Problem to work on |
Transcribe the entries exactly as they stand below, passing over any picture.

┄┄┄┄┄┄

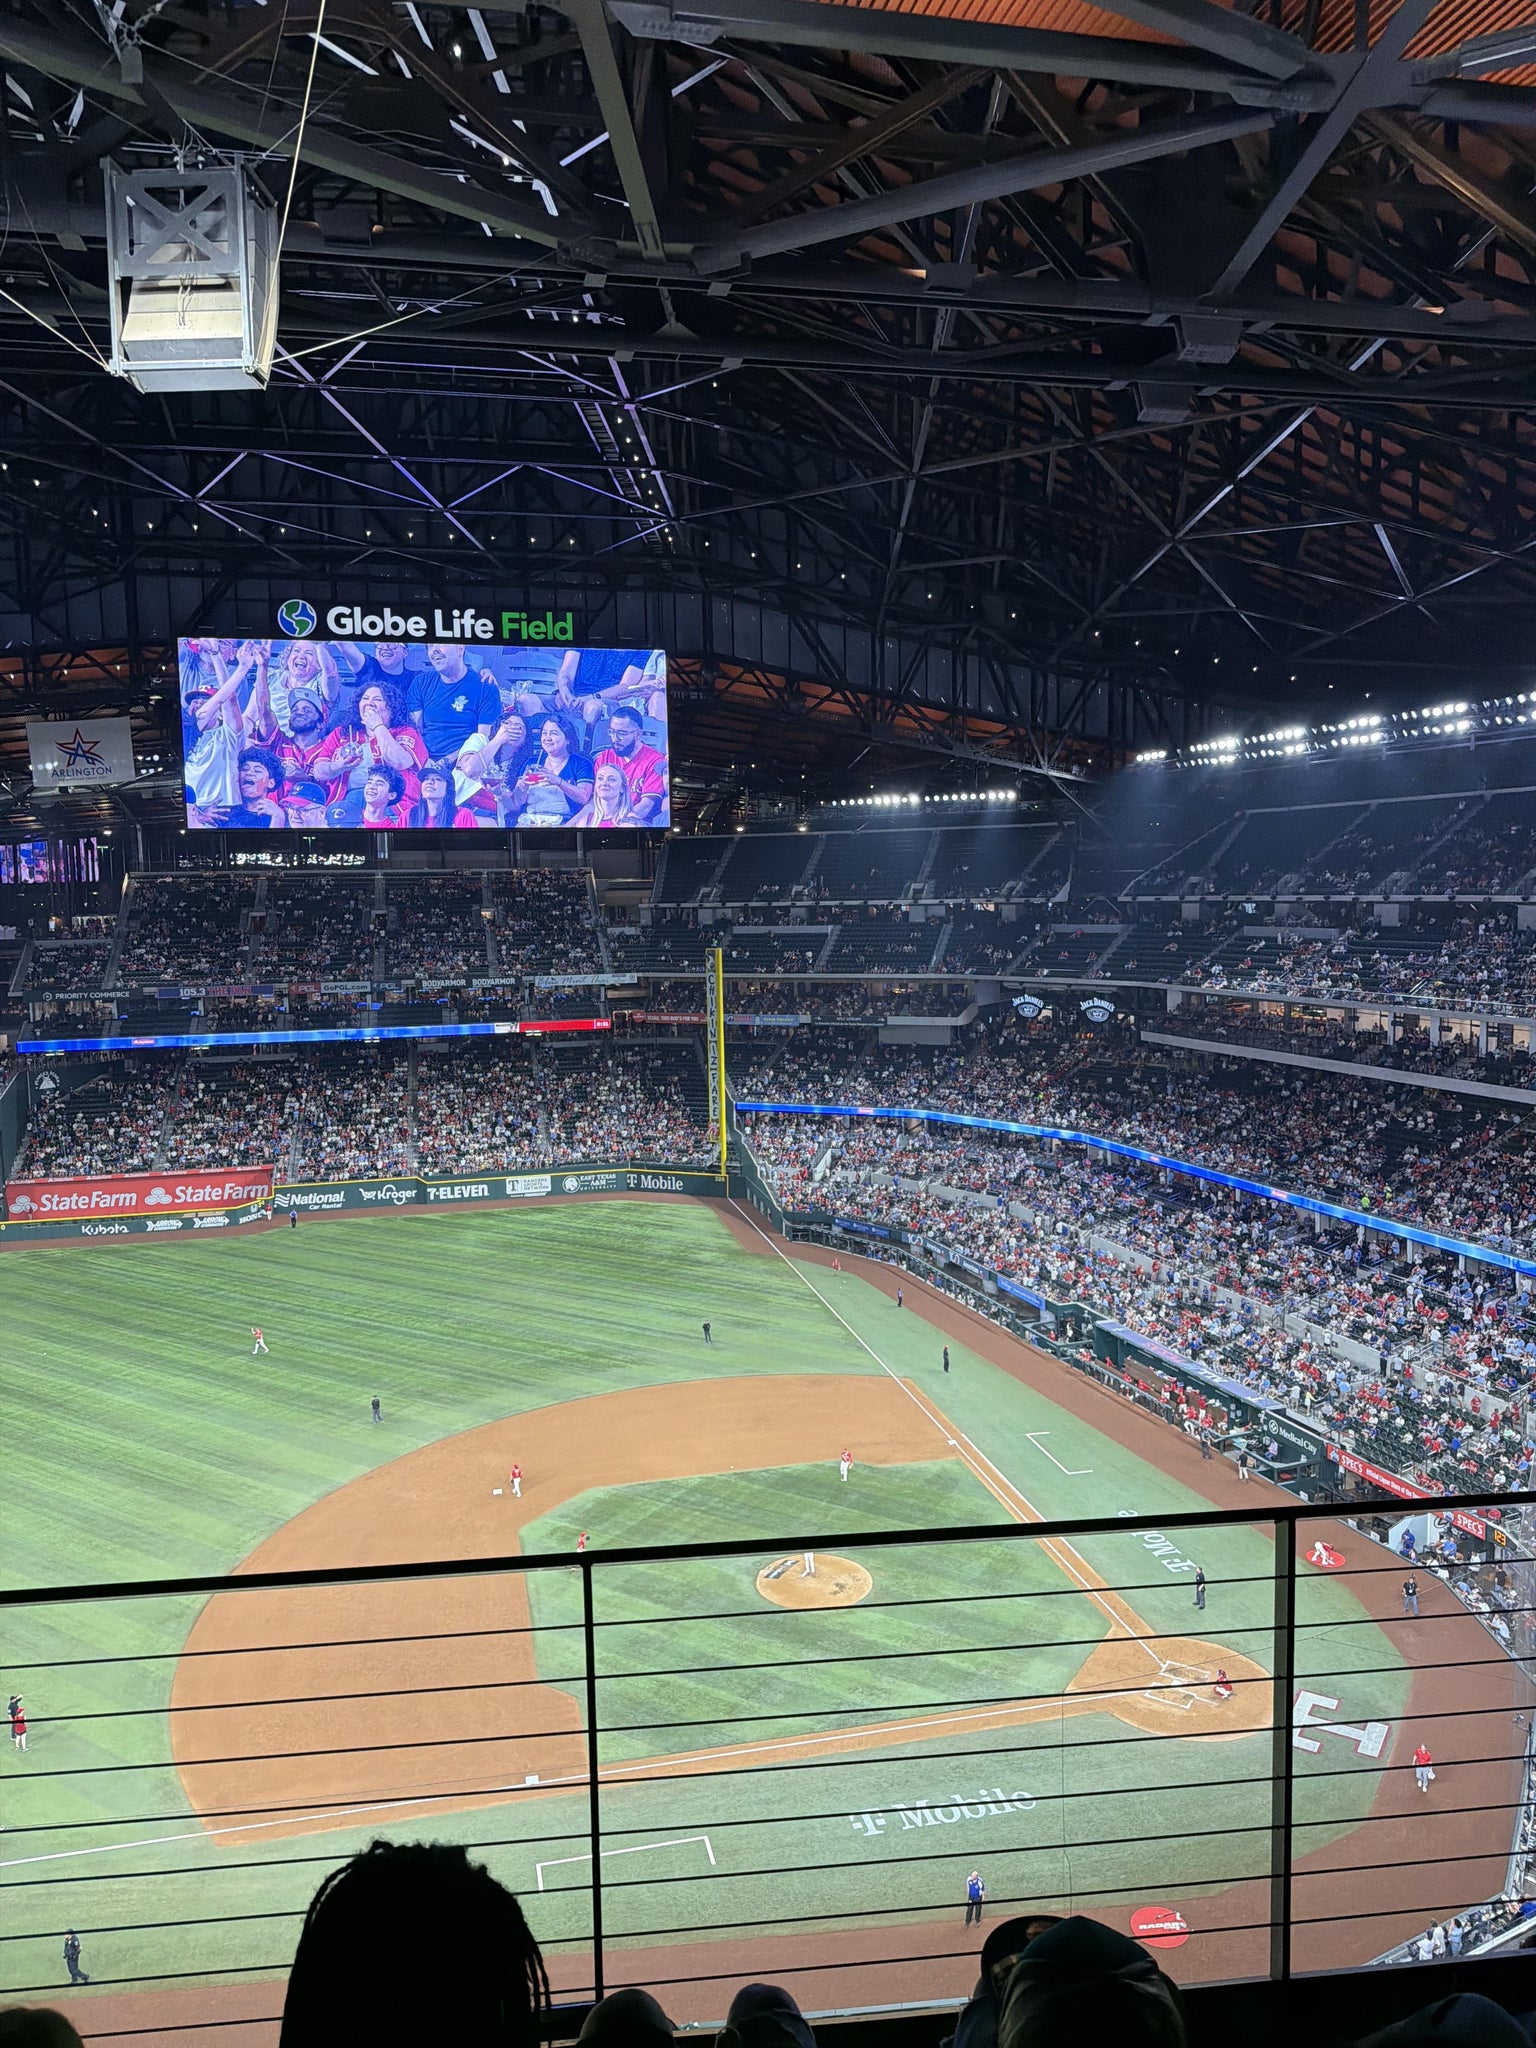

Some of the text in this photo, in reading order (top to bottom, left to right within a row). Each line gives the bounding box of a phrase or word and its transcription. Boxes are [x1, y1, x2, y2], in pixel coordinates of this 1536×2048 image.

[326, 606, 574, 641] Globe Life Field
[51, 765, 113, 778] ARLINGTON
[323, 983, 368, 992] GoPGL.com
[379, 982, 400, 991] PGL
[422, 979, 466, 988] BODYARMOR
[472, 977, 515, 986] BODYARMOR
[89, 991, 130, 999] COMMERCE
[179, 988, 206, 997] 105.3
[299, 985, 317, 993] PGL
[640, 1175, 683, 1191] Mobile
[377, 1184, 418, 1205] Kroger
[81, 1222, 129, 1236] Kubota
[1279, 1426, 1317, 1455] Medical City
[1341, 1455, 1363, 1473] SPEC'S
[1457, 1513, 1483, 1535] SPEC'S
[891, 1787, 1037, 1831] Mobile

┄┄┄┄┄┄

Solution for this exercise |
Some of the text in this photo, in reading order (top to bottom, left to right within a row). Each line gives the bounding box of a phrase or word and its transcription. Boxes are [x1, y1, x2, y2], in pixel coordinates of this 1536×2048 image.

[326, 606, 574, 641] Globe Life Field
[51, 765, 113, 778] ARLINGTON
[323, 983, 368, 992] GoPGL.com
[379, 982, 400, 991] PGL
[422, 979, 466, 988] BODYARMOR
[472, 977, 515, 986] BODYARMOR
[89, 991, 130, 999] COMMERCE
[179, 988, 206, 997] 105.3
[299, 985, 317, 993] PGL
[640, 1175, 683, 1191] Mobile
[377, 1184, 418, 1205] Kroger
[81, 1222, 129, 1236] Kubota
[1279, 1426, 1317, 1455] Medical City
[1341, 1455, 1363, 1473] SPEC'S
[1457, 1513, 1483, 1535] SPEC'S
[891, 1787, 1037, 1831] Mobile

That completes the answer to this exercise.